▸ The records
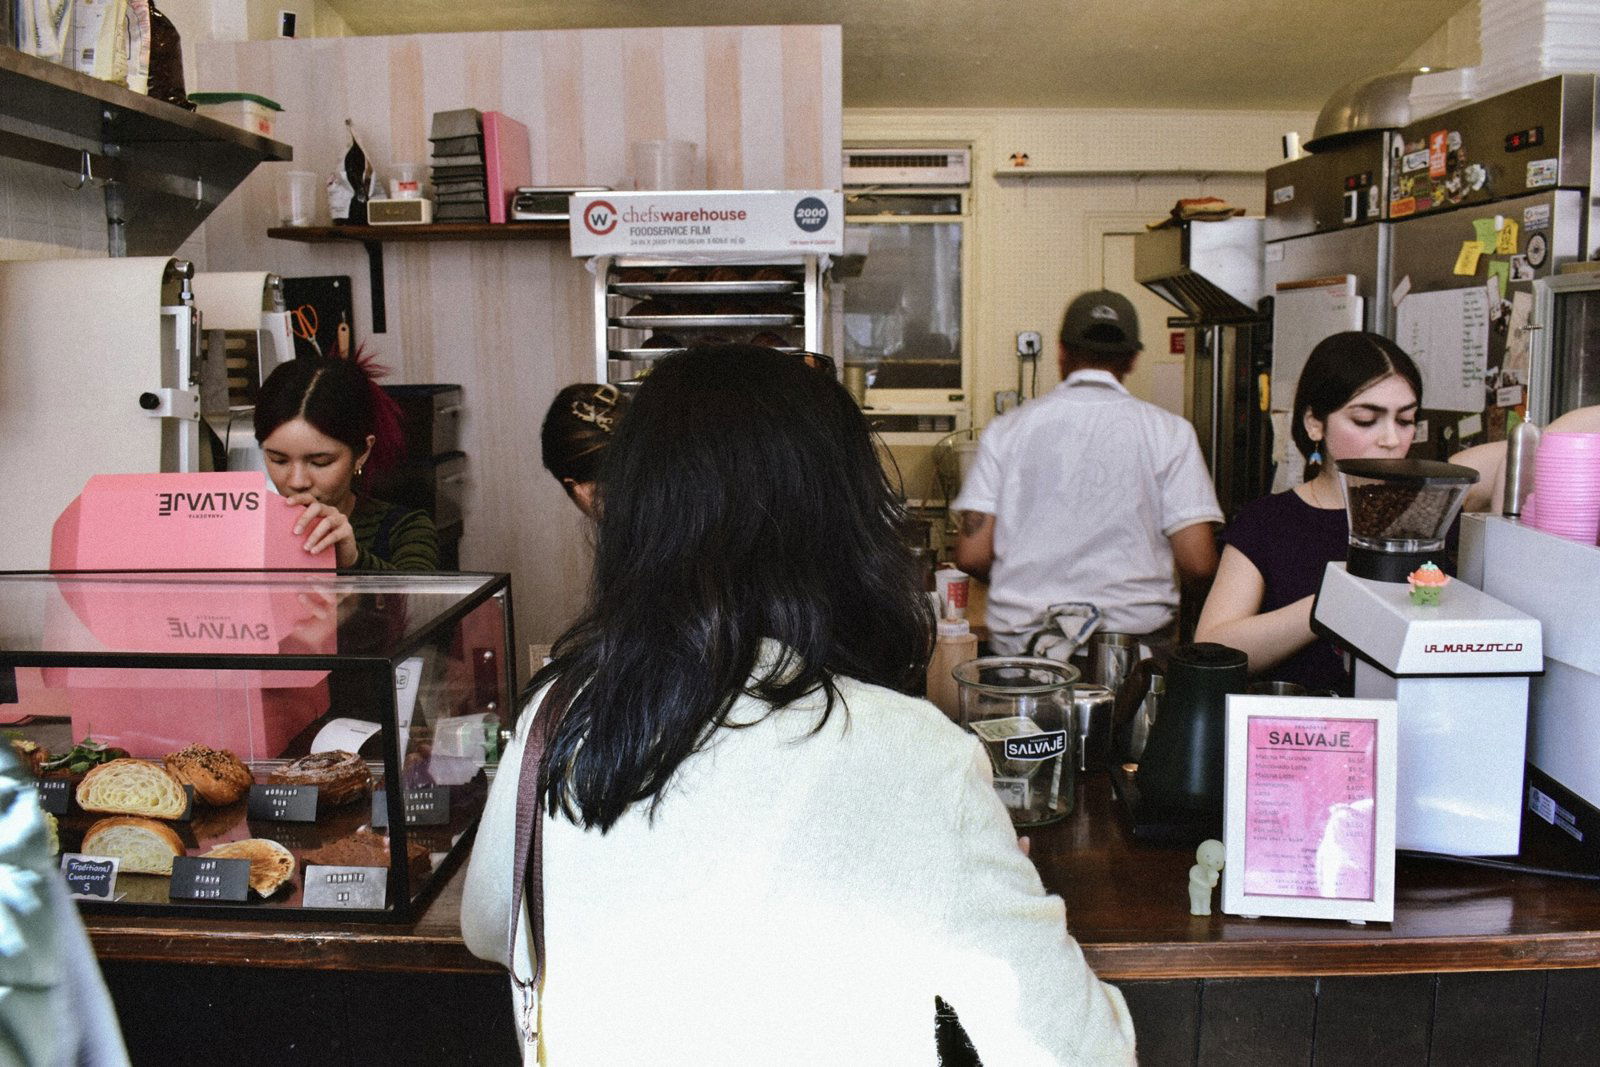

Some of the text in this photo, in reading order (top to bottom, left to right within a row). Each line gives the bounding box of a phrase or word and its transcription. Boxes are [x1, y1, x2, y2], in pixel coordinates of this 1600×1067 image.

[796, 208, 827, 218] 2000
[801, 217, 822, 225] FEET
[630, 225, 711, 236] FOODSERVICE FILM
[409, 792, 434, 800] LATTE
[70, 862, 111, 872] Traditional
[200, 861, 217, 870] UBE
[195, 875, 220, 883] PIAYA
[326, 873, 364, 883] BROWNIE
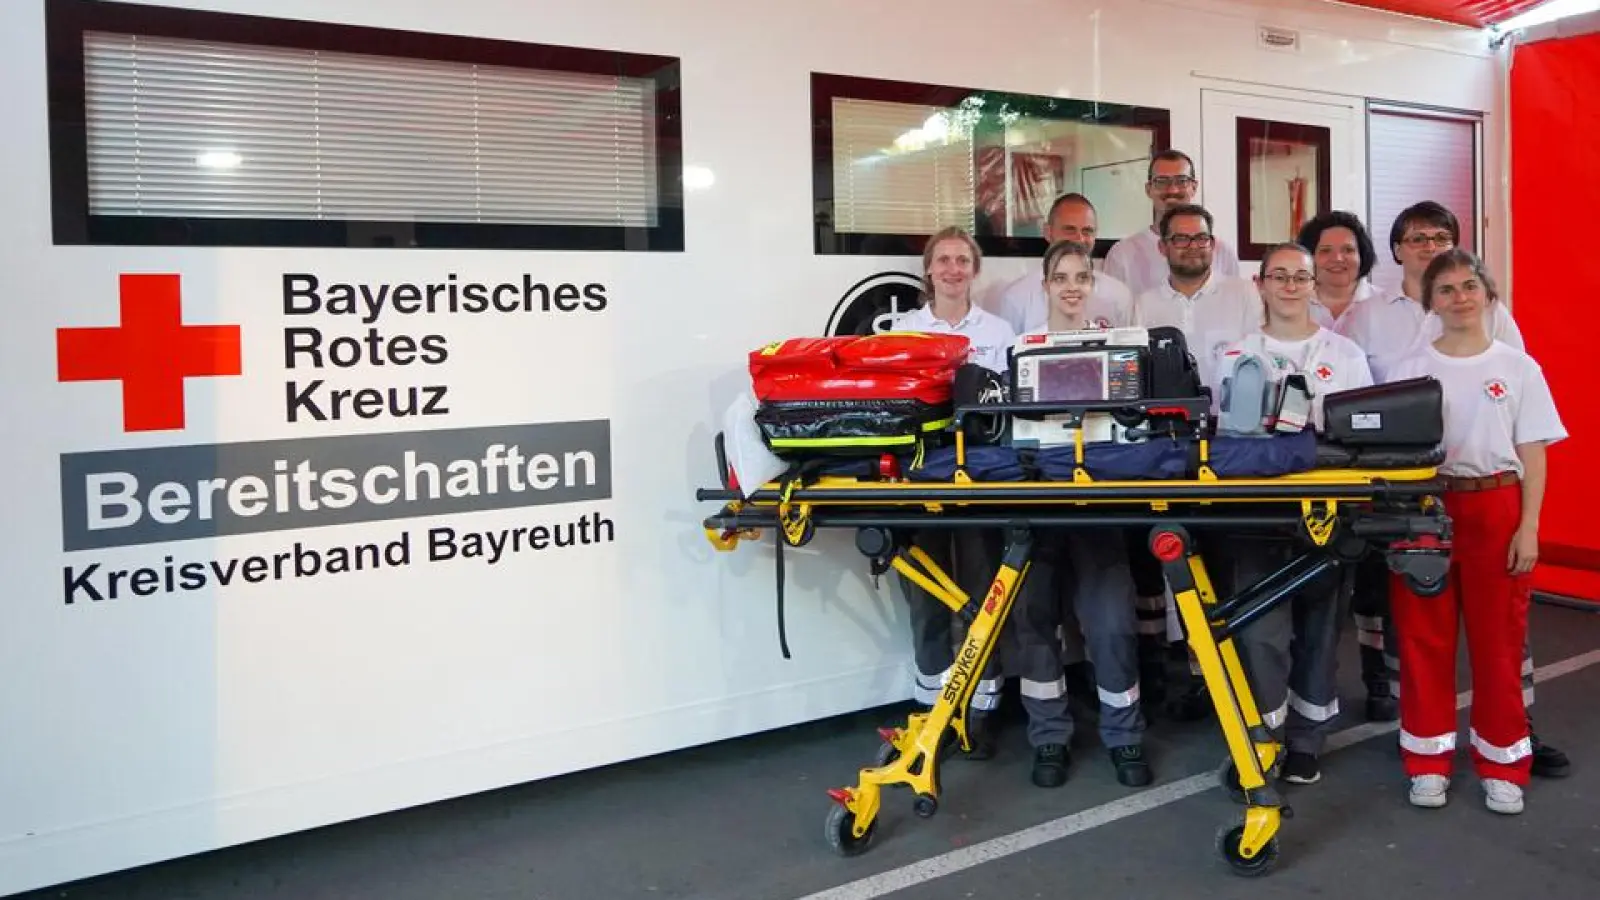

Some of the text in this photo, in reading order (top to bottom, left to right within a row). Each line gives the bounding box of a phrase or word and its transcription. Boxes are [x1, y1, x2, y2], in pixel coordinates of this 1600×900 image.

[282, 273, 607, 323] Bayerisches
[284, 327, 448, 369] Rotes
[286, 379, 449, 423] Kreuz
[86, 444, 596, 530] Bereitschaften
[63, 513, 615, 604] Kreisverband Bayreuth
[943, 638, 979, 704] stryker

▸ Exercise goal
Write out the lines of the records exactly, starting at the one holding "this 1600×900 image." and ending with the last line, and include no others.

▸ Problem solution
Some of the text in this photo, in reading order (top to bottom, left to right within a row). Each line gives the bounding box of a phrase or word and its transcription. Boxes are [x1, y1, x2, y2], in pixel coordinates of this 1600×900 image.

[282, 273, 607, 323] Bayerisches
[284, 327, 448, 369] Rotes
[286, 379, 449, 423] Kreuz
[86, 444, 596, 530] Bereitschaften
[63, 513, 615, 604] Kreisverband Bayreuth
[943, 638, 979, 704] stryker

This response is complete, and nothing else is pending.